A Simple Stir Fry for Shrimp and Summer Vegetables
This summer I decided to try growing bok choy (Chinese cabbage) in my vegetable garden, to great results. Indeed, if anything I now have an overabundance of bok choy to eat up quickly, and other fresh summer vegetables are never in short supply here in Southern New Jersey. Checking out one of my favorite roadside farmstands the other day I found some beautiful bring and yellow wax beans that were just too pretty to pass up. But what to prepare for dinner with bok choy and wax beans? “Easy!” I realized. “I’ll come up with a stir fry!”

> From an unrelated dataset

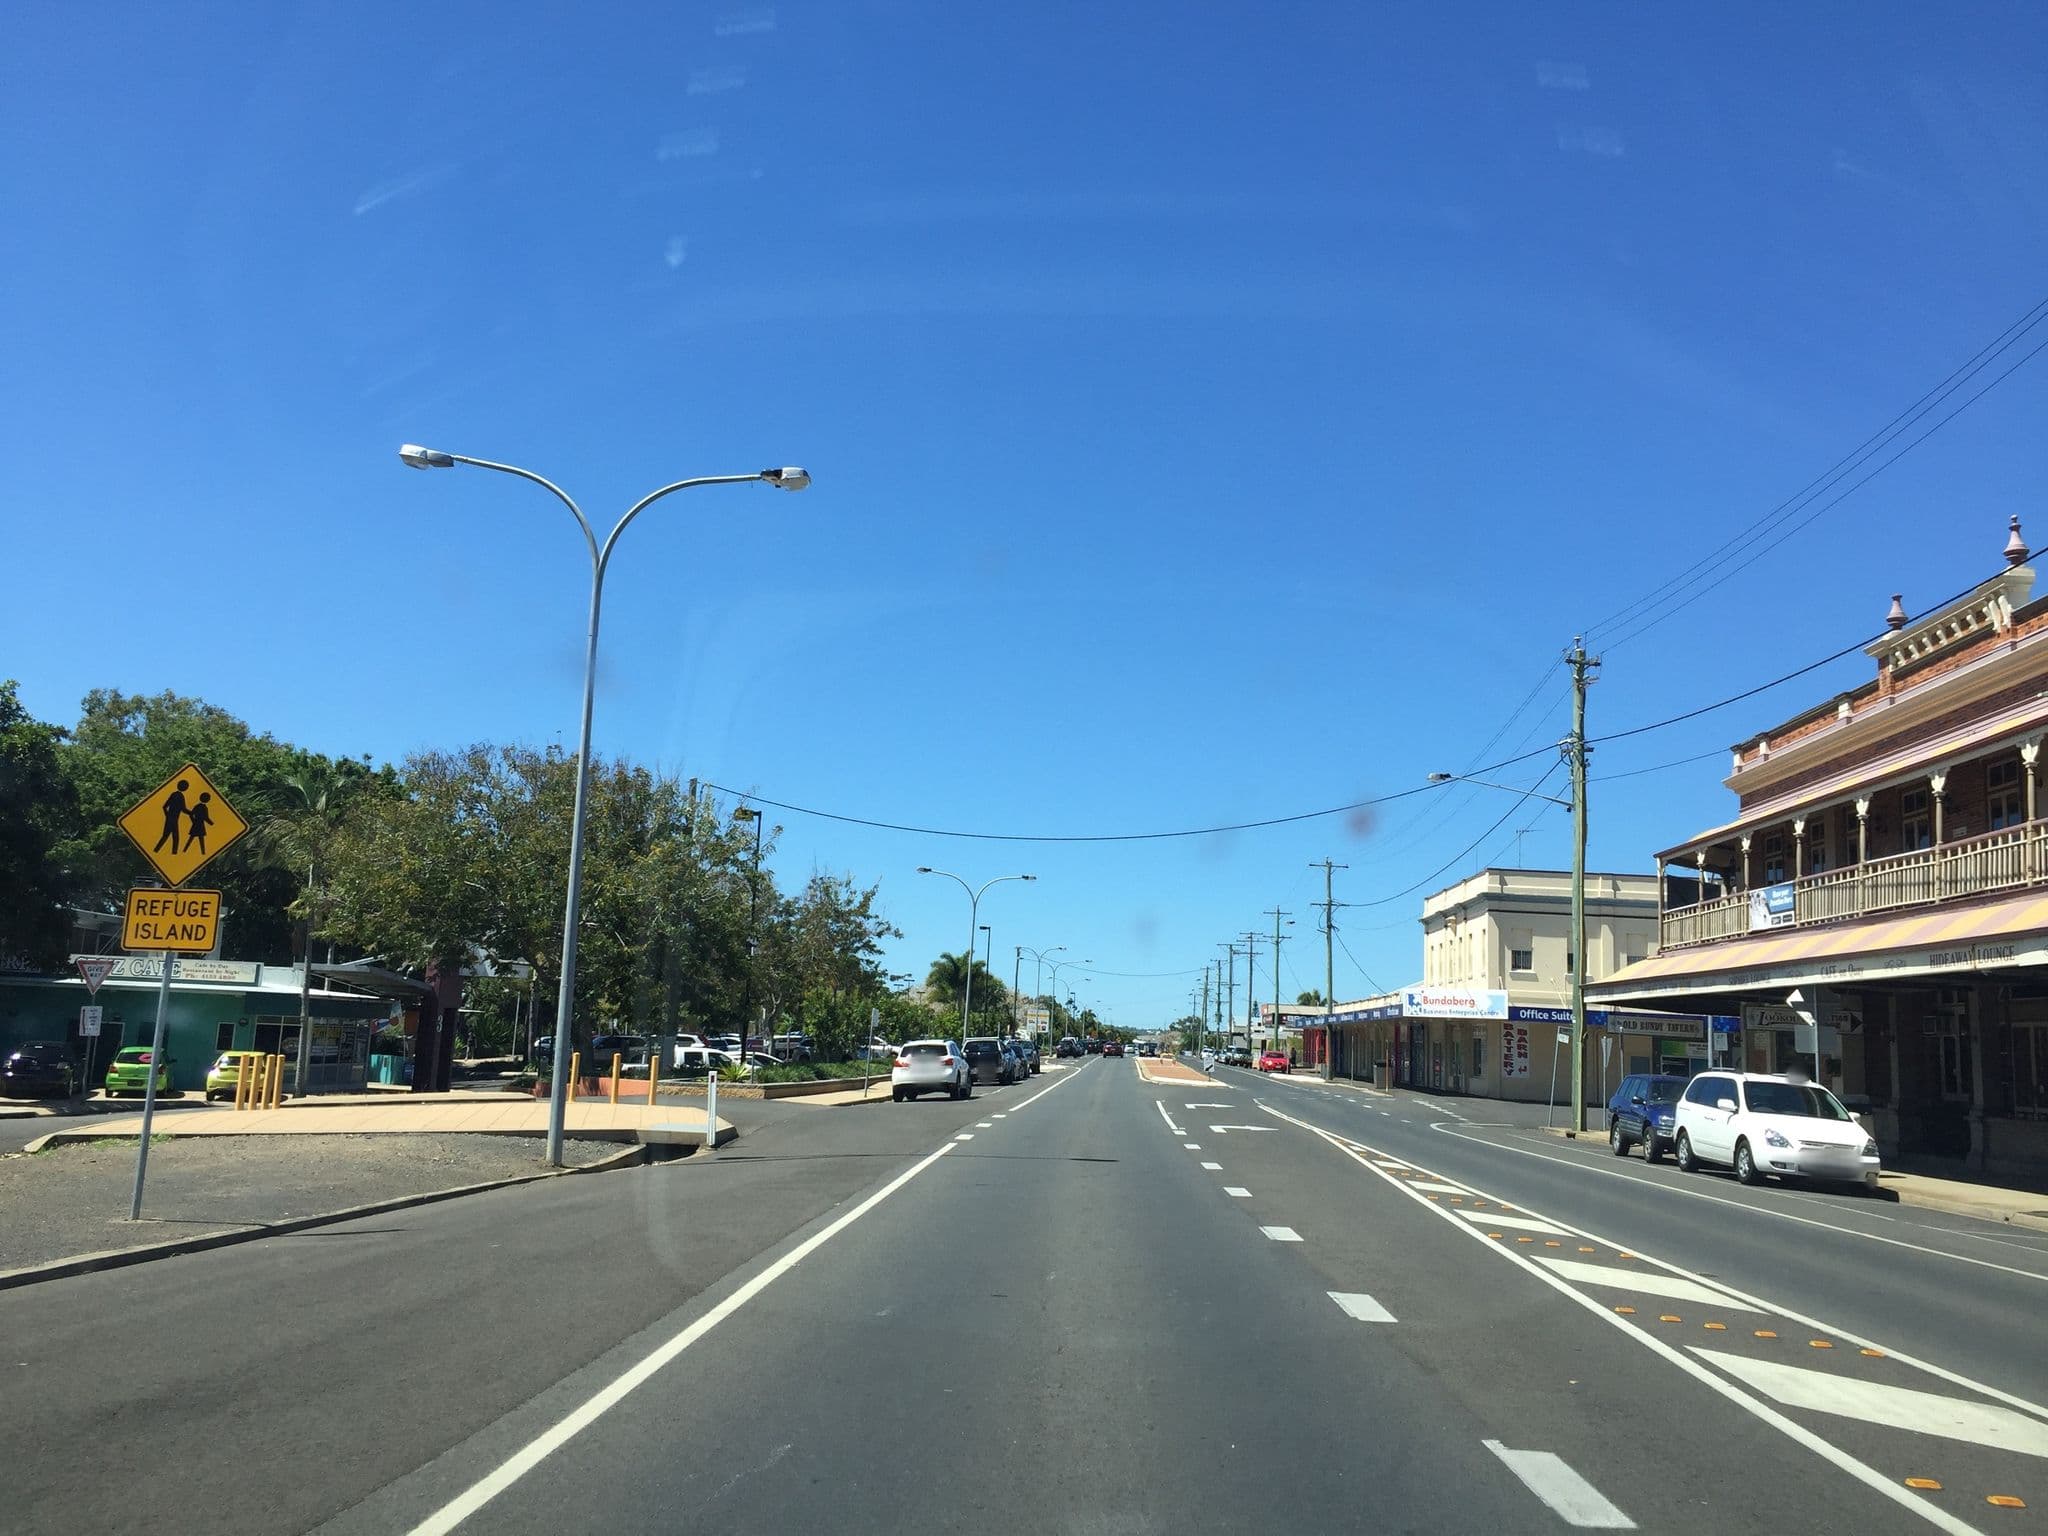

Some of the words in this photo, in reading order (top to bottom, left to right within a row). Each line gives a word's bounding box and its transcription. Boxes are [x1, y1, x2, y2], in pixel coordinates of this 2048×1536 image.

Chinese stir fry cooking is great because it is so versatile and simple, once you learn the basics. Just about any combination of proteins and vegetables can be prepared in a stir fry along with a suitable sauce to enhance their flavors. The main secret to a good stir fry is cooking ingredients in batches to prevent overcooking and retain crisp textures. I chose to combine the bok choy and wax beans with shrimp in a slightly garlicy, sweet chili sauce. It made for a refreshing summer evening dinner for two when served with buckwheat noodles, my choice as they are best served slightly cooled or even cold.
Try out this simple recipe the next time you’re in the mood for a quick and healthy stir fry!
If you can’t obtain buckwheat noodles, whole wheat spaghetti is an acceptable substitute. This recipe would also work well served with brown rice, but factor in additional cooking time for the rice. The soba needs to be rinsed after cooking in order to remove residual starchiness and floury taste after cooking.
Whether you leave the shells on the shrimp for cooking or not is entirely your choice. I strongly feel leaving the shells on improves the flavor of the shrimp in the stir fry, but if you don’t like the mess of peeling them when eating then remove when deveining.
If wax beans are unavailable this recipe will work just fine with standard string beans, but you’ll lose the lovely yellow-and-green color combination.
Shrimp Stir Fry with Bok Choy and Wax Beans
- Prep time: 10 min
- Cook time: 20 min
- Ready in: 30 min
- Yields: 2
- 8 ounces Japanese buckwheat noodles (soba)
- 2 tablespoons vegetable oil
- 3 cloves garlic – minced
- 1/2 medium yellow onion – minced
- 1/2 pound cleaned and deveined large shrimp
- 1/2 pound wax beans – ends trimmed and sliced diagonally into 1-inch pieces
- 1 large bok choy or 2 baby bok choy – sliced into 2-inch pieces
- 2 tablespoons soy sauce
- 1 tablespoon sweet chili sauce
- 1/4 cup Chinese Rice Wine
Bring a pot of unsalted water to a boil. Add the buckwheat noodles and gently stir until submerged. Cook according to package directions – soba may take from 3 – 7 minutes to cook depending on width and size of noodles. When fully cooked, strain noodles and rinse in cold running water. Leave submerged in cool water until ready to serve.
Heat 1 tablespoon of vegetable oil in a wok over medium-high heat until oil surface is shimmering. Add minced garlic and onion and stir fry for 1 minute. Add shrimp and cook until they turn opaque and pink, about 3 minutes. Remove shrimp from wok and set aside.
Add additional tablespoon of vegetable oil to the wok, reheat and add wax beans. Stir fry for 4 minutes until still crunchy but just turning tender.
Add bok choy and cook until wilted, 2 minutes. Add rice wine, chili sauce and soy sauce and toss with the vegetables. Return shrimp to the wok and toss, warming through.
Serve stir fry over the cooked soba noodles, with additional sweet chili sauce on the side if desired.